B. Le registraire n’a pas appliqué le mauvais critère juridique au motif d’opposition fondé sur l’alinéa 30b)

[30] Les arguments de Divert sous cette rubrique sont en grande partie parallèles; ils répètent en fait ses arguments sur la première question. Divert ne soulève aucune erreur de droit, encore moins une erreur de droit nouvelle ou différente. Au contraire :

  • elle affirme à nouveau que RRFB n’a pas fourni de preuve d’emploi avant le 17 mai 2016;

  • elle renvoie à d’autres affaires où le registraire a tiré des inférences différentes à partir d’éléments de preuve différents : Canadian Olympic Assn v Nexa Corp, 1990 CarswellNat 1384 aux para 12-16; Kim Gibbons Inc c Brett, 2020 COMC 45 au para 34;

  • elle réitère ses arguments au sujet du fait que le registraire a mal formulé des hypothèses et au sujet de simples déclarations d’emploi;

  • elle demande à la Cour de conclure que la preuve de RRFB montrait que la date de premier emploi était postérieure au 16 mai 2016 et que le registraire aurait donc dû accueillir l’opposition et rejeter la demande.
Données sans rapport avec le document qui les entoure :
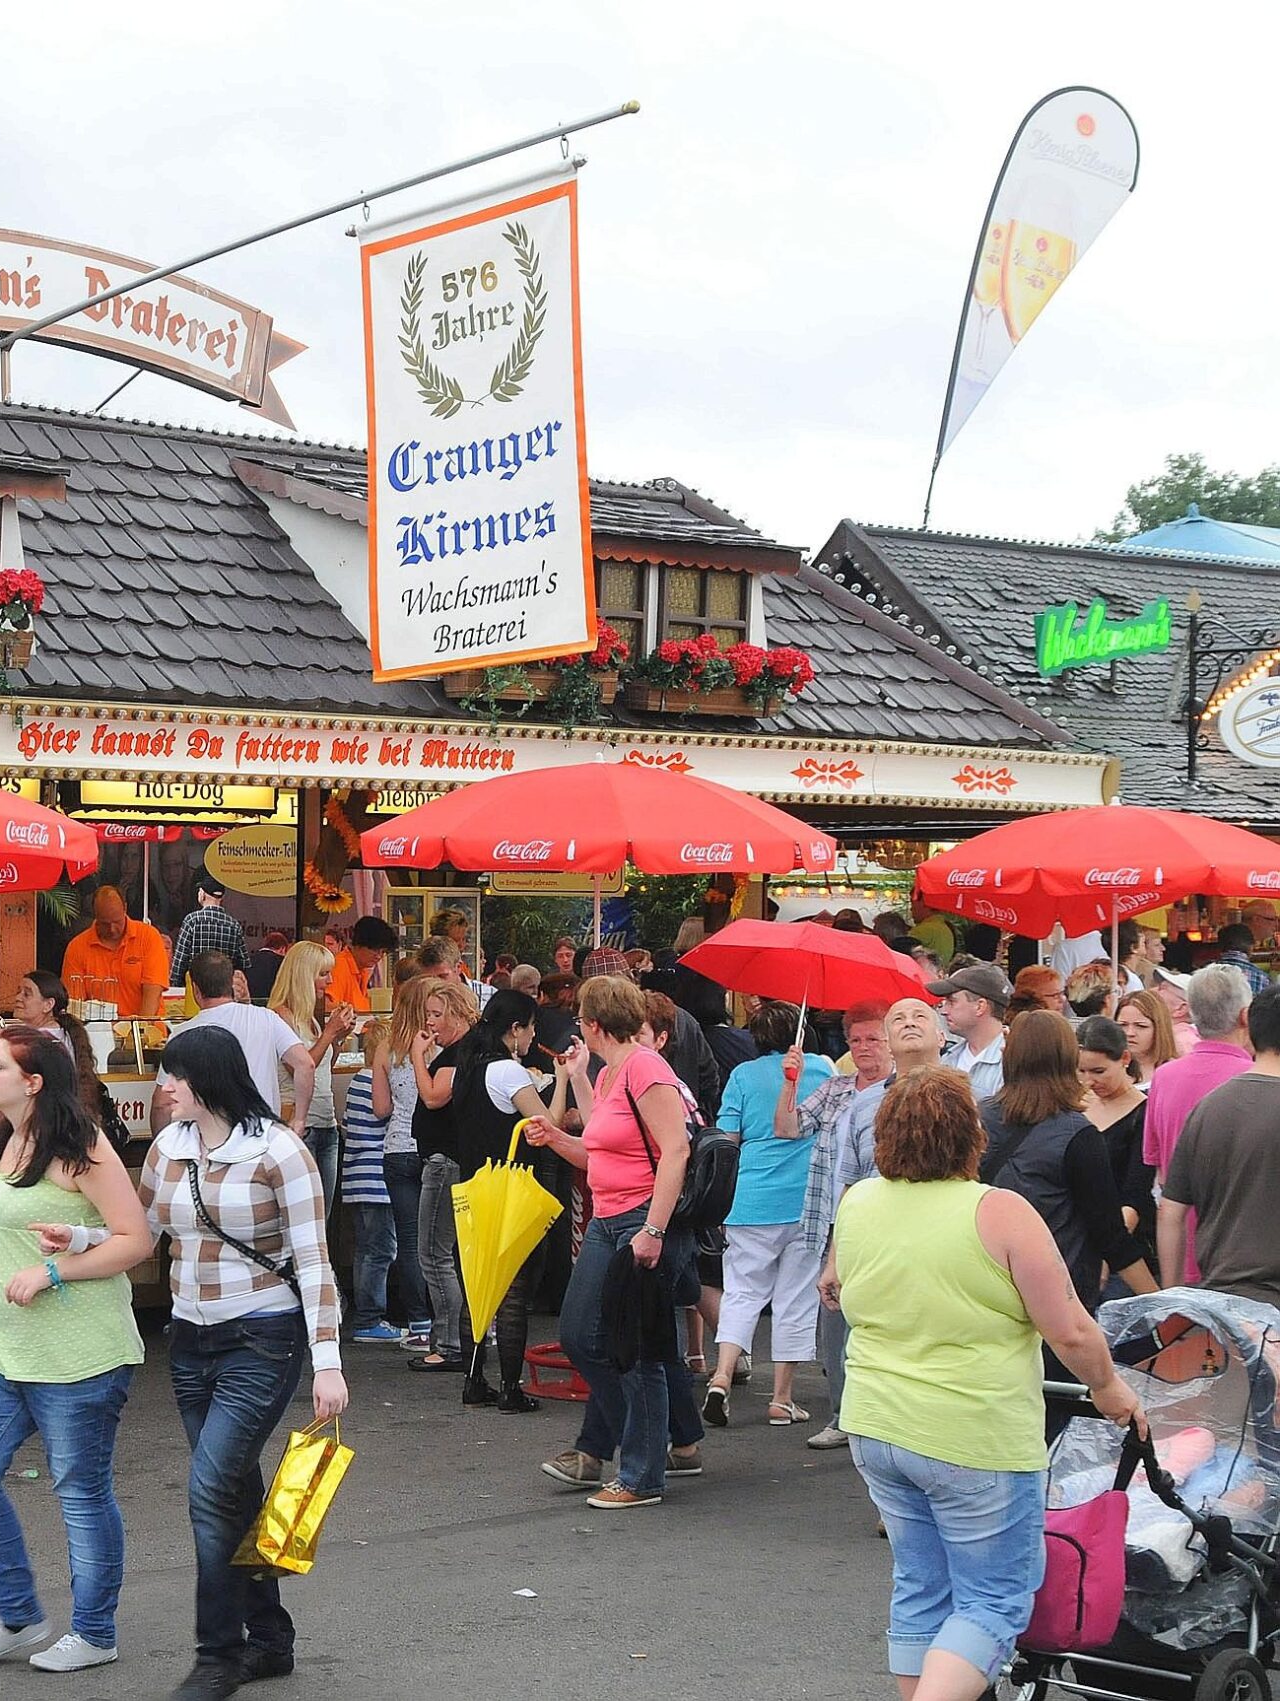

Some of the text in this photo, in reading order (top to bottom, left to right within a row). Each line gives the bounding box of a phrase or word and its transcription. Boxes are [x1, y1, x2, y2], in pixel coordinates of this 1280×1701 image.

[31] Encore une fois, ces arguments concernent l’appréciation de la preuve par le registraire et l’application du critère juridique aux faits dont il était saisi. Ils ne soulèvent pas d’erreur de droit isolable, et la norme de l’erreur manifeste et déterminante s’applique. Étant donné que ces arguments sont essentiellement les mêmes que ceux qui ont été soulevés dans le cadre de la première question, je ne répéterai pas l’analyse qui précède. Je ferai simplement remarquer que, pour les motifs donnés, je conclus qu’aucun des arguments ne démontre que le registraire a commis une erreur manifeste et déterminante.

[32] Dans le cadre de cette question en litige, Divert soutient également que la preuve de la présentation de la marque par RRFB à ses employés à l’interne ne démontre pas son « emploi » au sens de la Loi sur les marques de commerce. Les arguments à cet égard sont les mêmes que ceux qui sont présentés dans le cadre de la troisième question, que je vais maintenant aborder.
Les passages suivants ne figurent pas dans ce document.